**EXERCISE MATERIALS:**
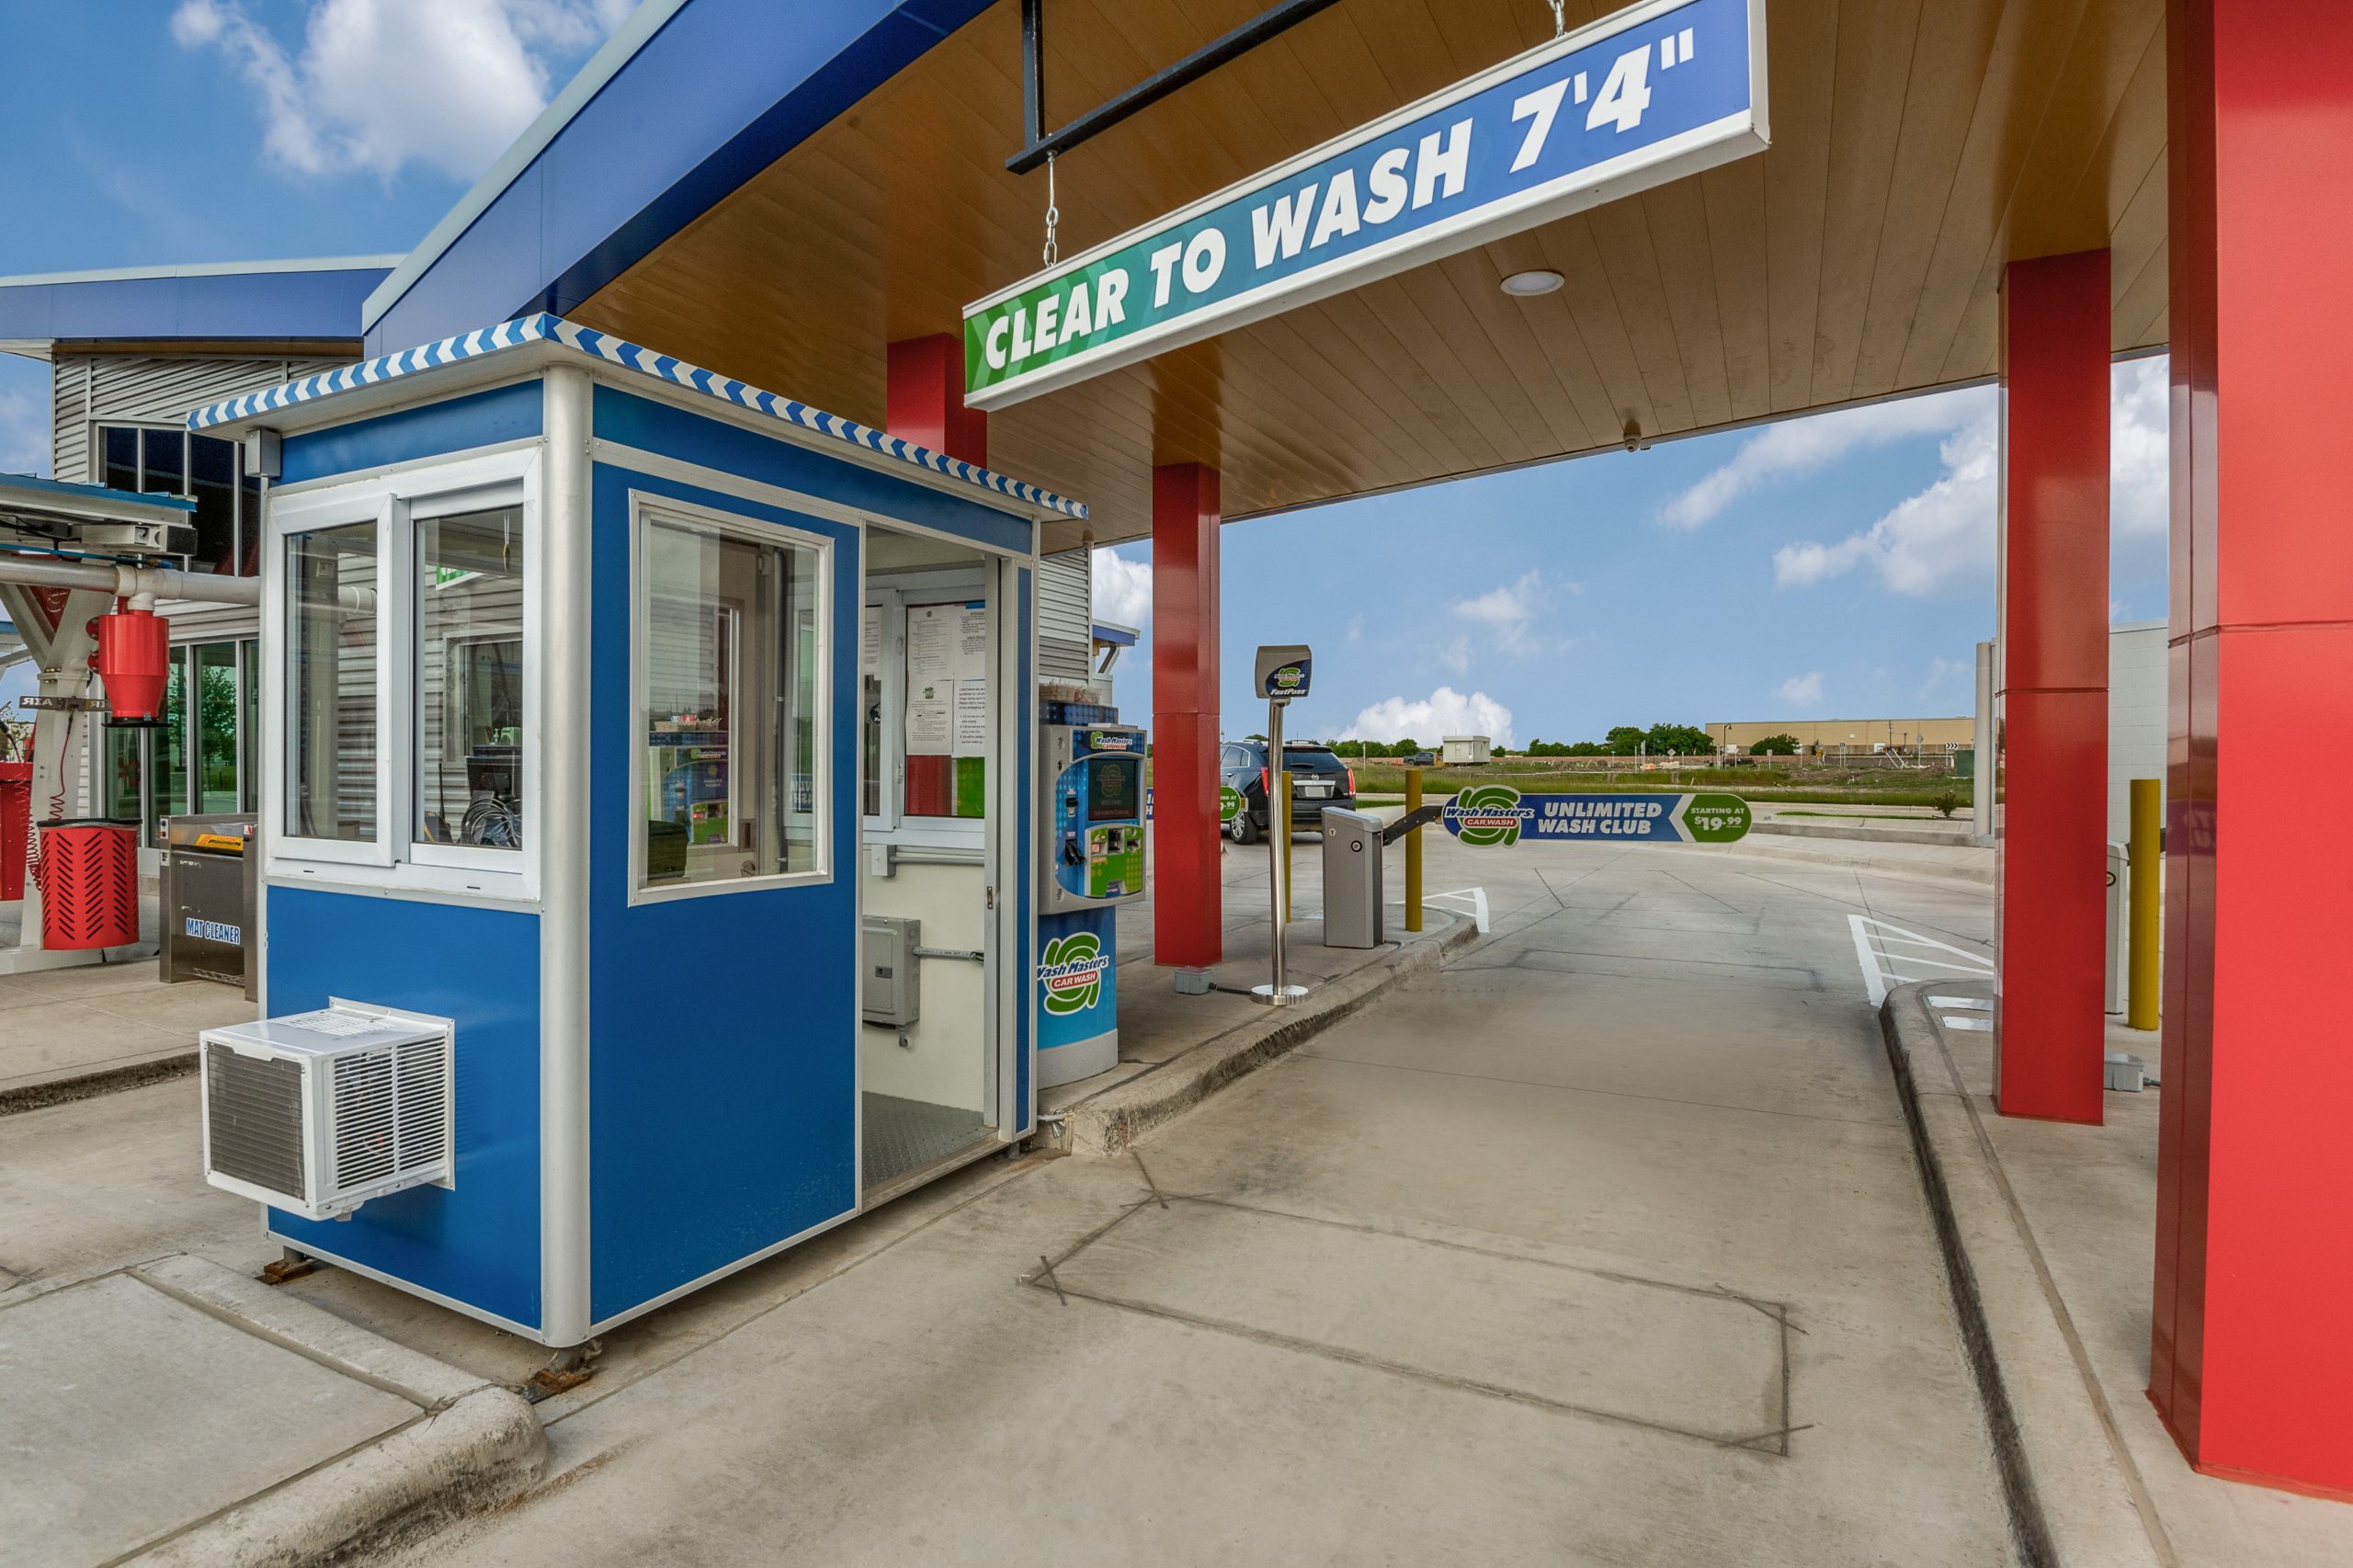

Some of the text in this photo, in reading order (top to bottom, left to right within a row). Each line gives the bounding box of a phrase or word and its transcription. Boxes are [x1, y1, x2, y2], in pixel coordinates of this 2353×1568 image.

[984, 27, 1695, 369] CLEAR TO WASH 7'4"
[1446, 808, 1532, 817] Wash Masters
[1544, 802, 1663, 817] UNLIMITED
[1538, 819, 1652, 834] WASH CLUB
[1694, 816, 1742, 831] $19.99
[187, 918, 240, 945] MAT CLEANER
[1068, 956, 1108, 973] Masters
[1054, 972, 1096, 987] CAR WASH

**ACTIVITY:**
Print the listing above in full, exactly as written. Omit any pictures.

**REPLY:**
Some of the text in this photo, in reading order (top to bottom, left to right within a row). Each line gives the bounding box of a phrase or word and its transcription. Boxes are [x1, y1, x2, y2], in pixel coordinates of this 2353×1568 image.

[984, 27, 1695, 369] CLEAR TO WASH 7'4"
[1446, 808, 1532, 817] Wash Masters
[1544, 802, 1663, 817] UNLIMITED
[1538, 819, 1652, 834] WASH CLUB
[1694, 816, 1742, 831] $19.99
[187, 918, 240, 945] MAT CLEANER
[1068, 956, 1108, 973] Masters
[1054, 972, 1096, 987] CAR WASH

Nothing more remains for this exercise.